• [EXERCISE BRIEF]
Each line from the one containing "this 2048×1365 image." to the end of the records should be copied exactly, and no other line.

• [AVAILABLE DATA]
========================================

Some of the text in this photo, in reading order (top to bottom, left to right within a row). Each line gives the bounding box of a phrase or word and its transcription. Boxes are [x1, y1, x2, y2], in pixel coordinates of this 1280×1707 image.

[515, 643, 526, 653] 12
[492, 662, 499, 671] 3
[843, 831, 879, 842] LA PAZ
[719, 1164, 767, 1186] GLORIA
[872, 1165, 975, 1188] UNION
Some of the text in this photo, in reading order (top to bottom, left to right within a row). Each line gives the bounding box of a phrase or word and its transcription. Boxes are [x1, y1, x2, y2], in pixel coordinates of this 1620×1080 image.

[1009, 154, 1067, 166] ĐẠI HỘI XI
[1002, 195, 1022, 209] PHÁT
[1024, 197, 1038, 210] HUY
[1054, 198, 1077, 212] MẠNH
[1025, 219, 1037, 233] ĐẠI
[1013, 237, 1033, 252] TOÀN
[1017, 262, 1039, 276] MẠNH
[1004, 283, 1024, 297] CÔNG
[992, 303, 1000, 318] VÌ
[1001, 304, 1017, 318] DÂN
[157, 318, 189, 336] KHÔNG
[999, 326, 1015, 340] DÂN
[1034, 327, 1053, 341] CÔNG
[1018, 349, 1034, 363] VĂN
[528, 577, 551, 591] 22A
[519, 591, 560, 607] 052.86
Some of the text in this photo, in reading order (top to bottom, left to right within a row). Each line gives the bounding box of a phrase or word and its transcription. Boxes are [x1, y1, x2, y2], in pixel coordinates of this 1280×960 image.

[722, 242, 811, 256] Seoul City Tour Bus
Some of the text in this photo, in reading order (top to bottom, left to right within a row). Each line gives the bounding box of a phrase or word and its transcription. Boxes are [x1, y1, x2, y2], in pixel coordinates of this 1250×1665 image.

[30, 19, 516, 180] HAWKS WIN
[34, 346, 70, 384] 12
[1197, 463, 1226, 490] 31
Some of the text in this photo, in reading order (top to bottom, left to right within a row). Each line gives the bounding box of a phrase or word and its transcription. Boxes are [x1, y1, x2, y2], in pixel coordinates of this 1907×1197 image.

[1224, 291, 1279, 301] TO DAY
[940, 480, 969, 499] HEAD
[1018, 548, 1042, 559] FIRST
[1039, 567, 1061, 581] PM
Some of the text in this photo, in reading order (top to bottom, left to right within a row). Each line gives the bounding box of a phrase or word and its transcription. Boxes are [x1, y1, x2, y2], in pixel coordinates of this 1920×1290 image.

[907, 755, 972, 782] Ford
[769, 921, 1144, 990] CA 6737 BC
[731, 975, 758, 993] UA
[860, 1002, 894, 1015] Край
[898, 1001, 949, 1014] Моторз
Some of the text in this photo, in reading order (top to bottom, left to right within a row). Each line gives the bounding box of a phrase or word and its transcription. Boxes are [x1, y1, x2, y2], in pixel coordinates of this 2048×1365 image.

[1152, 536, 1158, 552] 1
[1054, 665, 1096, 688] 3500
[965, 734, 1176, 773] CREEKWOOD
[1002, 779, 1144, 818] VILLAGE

========================================

• [WRITTEN SOLUTION]
Some of the text in this photo, in reading order (top to bottom, left to right within a row). Each line gives the bounding box of a phrase or word and its transcription. Boxes are [x1, y1, x2, y2], in pixel coordinates of this 2048×1365 image.

[1152, 536, 1158, 552] 1
[1054, 665, 1096, 688] 3500
[965, 734, 1176, 773] CREEKWOOD
[1002, 779, 1144, 818] VILLAGE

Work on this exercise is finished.